They looked at the buildings around them. Most of them single story buildings rolling back toward the Louisville skyline. The Louisville skyline made their jaws drop in horror. The city itself was a mass of chaos. Buildings destroyed and crumbling with exposed heavy steel beams and wiring hanging down. Some buildings had caved into their own foundations scorched by weapons and fires raged, the smoke rising in dark clouds where the fires took over multiple sections of buildings and rapidly gaining ground toward the north. On the south side there were small clusters of smoke tendrils ascending into the sky.

Cal looked around at the small diner and its geographical surroundings. It was situated on a piece of property secluded only by the parking lot wrapping around the dinner half filled with cars , trucks, a few motorcycles, and an RV. The streets moving running North and South, East and West bordered the North and East side of the building, but the South and West side ran off a gentle incline and over railroad tracks to the trees beyond. Cars, motorcycles, and trash littered the streets in all directions, but there was no sign of any life. It was almost as if the people had all disappeared.

"Cars, just died where they stopped. There doesn't seem to be any human life out there." Cal shook his head and squeezed Sams shoulder reassuringly.

"Dad," Sam looked up into her fathers face, "What do we do now?"

Cal looked to Paul and Shelley and Collin and then back to Sam. "We eat, we pray, and we take stock of our situation and try to find out what we're up against."

"We pray," Buck guffawed loudly. "What makes you think theres a God up there who even cares about whats happening?"

"I'm not getting into this with you Buck," Cal started, but Buck's quick to interject attitude caught him off guard.

"That's right, because there ain't no God. No entity up there cares anything boutus. If there was, it doesn't seem like he cares now." Bucks sly smile looked evil.

"And you know this because," Sam's ire was up, she stood toe to toe with Buck "It's not about what's really there Buck. People need something to hope for, strive for, believe in, or there is no hope and no reason to live." She took a deep breathe. "Don't take the one thing from people that might keep them fighting, might keep them striving, hoping, moving forward when they might otherwise lay down and die."

"Yea whatever," Buck said waving a hand in her face. "When that big guy in the sky comes down and saves us all, then I'll believe it."

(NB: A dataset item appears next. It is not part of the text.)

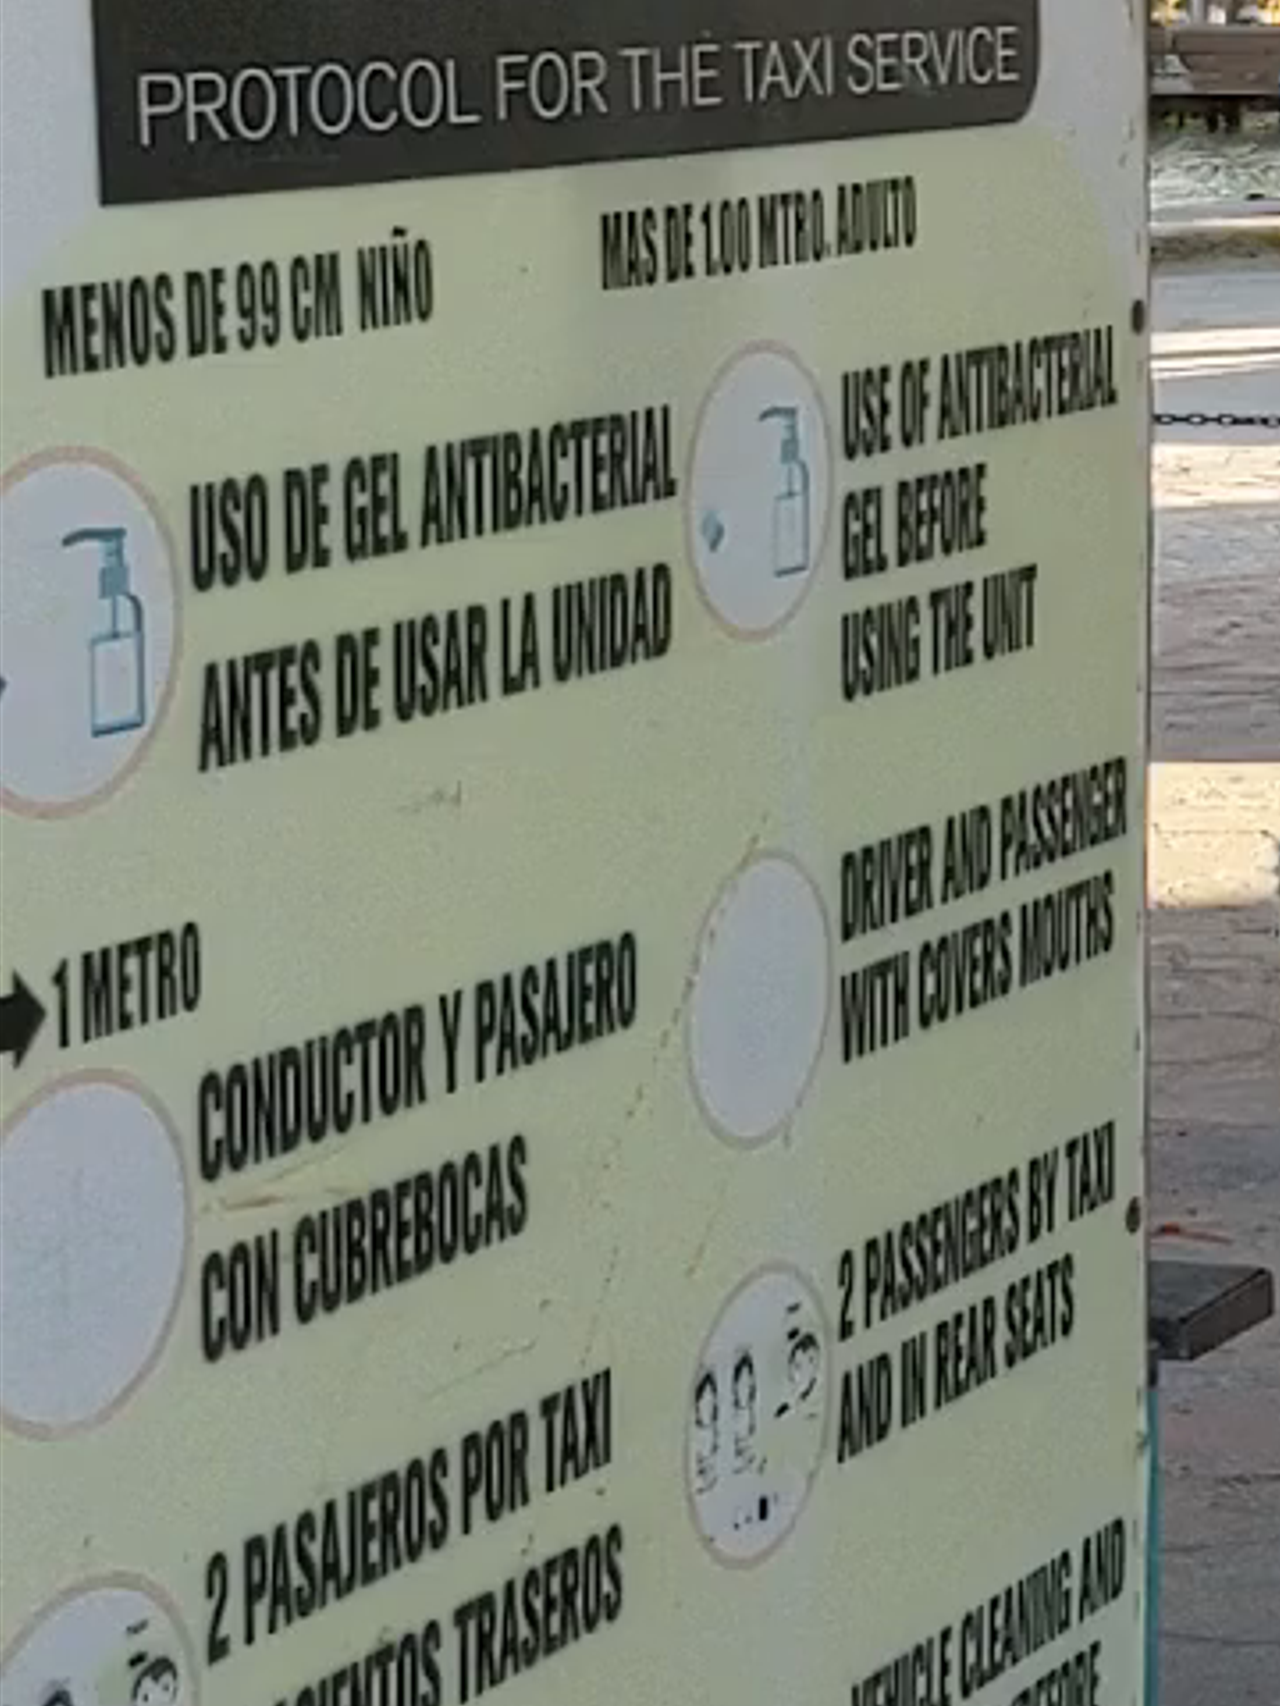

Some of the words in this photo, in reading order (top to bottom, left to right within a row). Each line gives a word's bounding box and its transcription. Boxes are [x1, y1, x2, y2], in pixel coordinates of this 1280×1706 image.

"If you have to see to believe, I pity you Buck and I for one will pray for you." Shelley said, startling them all.

"So, what are we up against?" Paul asked trying to change the subject.

"Hey guys…" Joe waved them over to the east side of the building. "I don't think we'll have to wait long. Look! What the hell is that?" He pointed at a shiny silver bipedal object slowly making its approach toward the diner with three six legged what appeared to be half human, half bug skittering their way toward up the street littered with cars. They skittered over cars as the large metallic machine picked its way through the streets flipping car out of its way and moving in a methodical fashion as if searching for something.

"Those must be those things that guy was talking about. What are they doing?" Paul said sounding more frightened than he intended.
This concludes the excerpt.